++++ Recorded data ++++

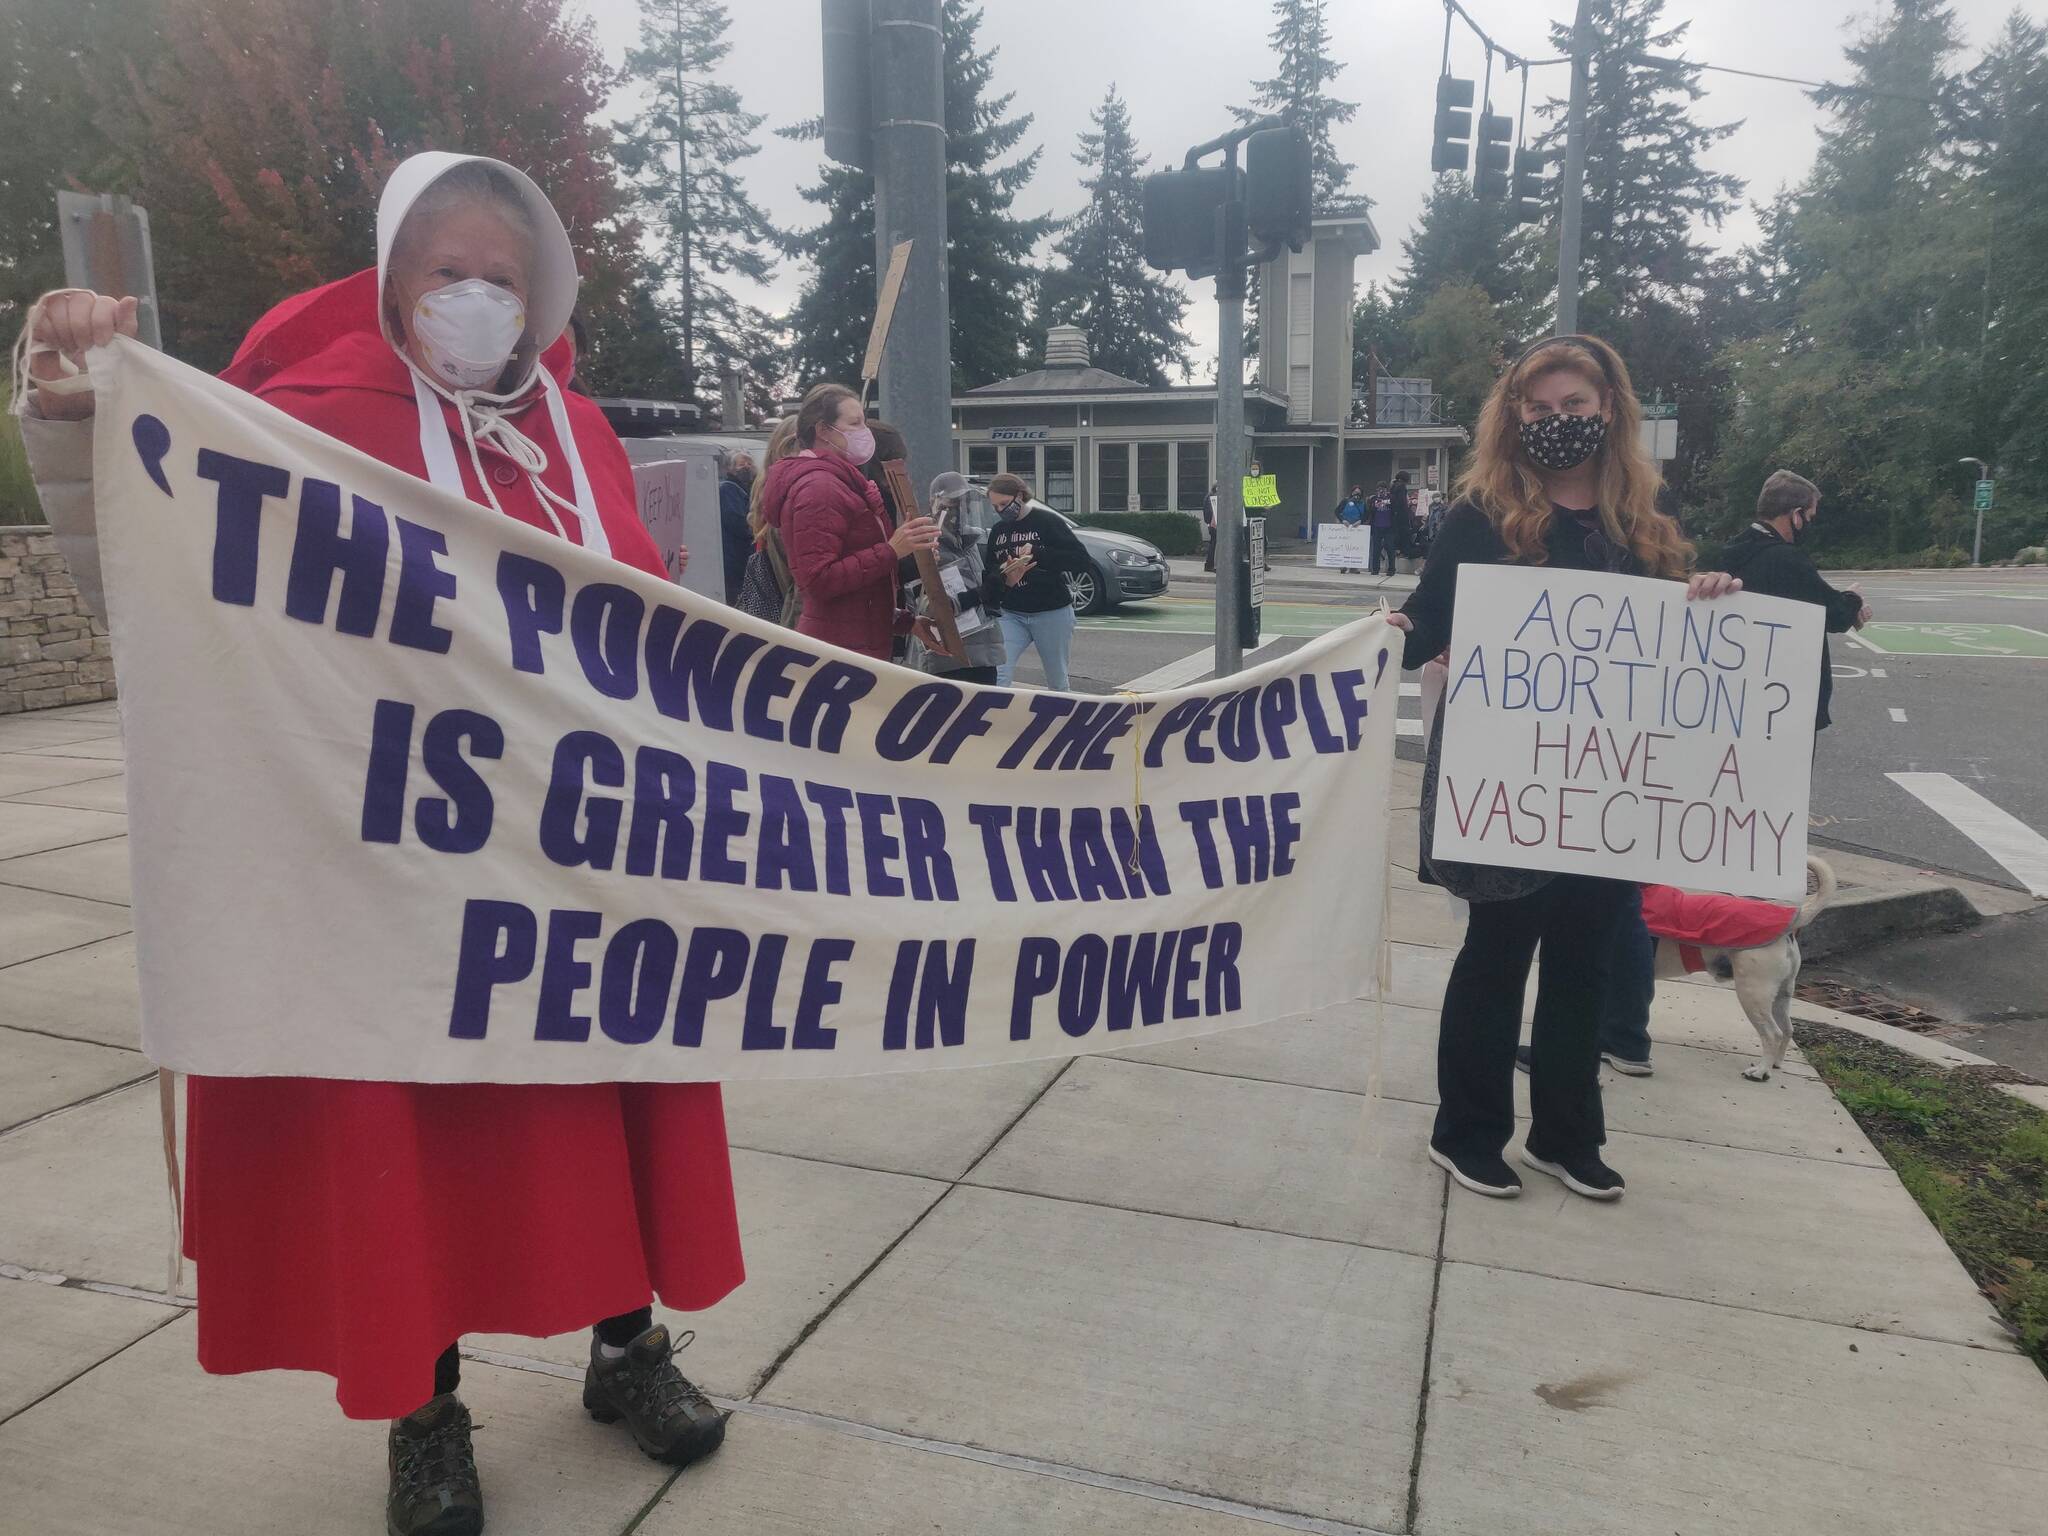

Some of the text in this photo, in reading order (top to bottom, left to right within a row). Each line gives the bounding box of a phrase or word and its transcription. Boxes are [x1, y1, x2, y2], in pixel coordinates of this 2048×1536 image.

[991, 431, 1047, 439] POLICE
[497, 550, 877, 754] POWER
[874, 682, 1015, 764] OF
[997, 694, 1153, 771] THE
[1514, 589, 1792, 677] AGAINST
[1449, 645, 1790, 740] ABORTION?
[361, 698, 1301, 902] IS GREATER THAN THE
[1534, 721, 1744, 802] HAVE A
[1446, 775, 1793, 876] VASECTOMY
[448, 898, 1243, 1051] PEOPLE IN POWER

++++

| What you should do |
Your answer must be the records above, copied exactly, with no pictures.

| Answer below |
Some of the text in this photo, in reading order (top to bottom, left to right within a row). Each line gives the bounding box of a phrase or word and its transcription. Boxes are [x1, y1, x2, y2], in pixel coordinates of this 2048×1536 image.

[991, 431, 1047, 439] POLICE
[497, 550, 877, 754] POWER
[874, 682, 1015, 764] OF
[997, 694, 1153, 771] THE
[1514, 589, 1792, 677] AGAINST
[1449, 645, 1790, 740] ABORTION?
[361, 698, 1301, 902] IS GREATER THAN THE
[1534, 721, 1744, 802] HAVE A
[1446, 775, 1793, 876] VASECTOMY
[448, 898, 1243, 1051] PEOPLE IN POWER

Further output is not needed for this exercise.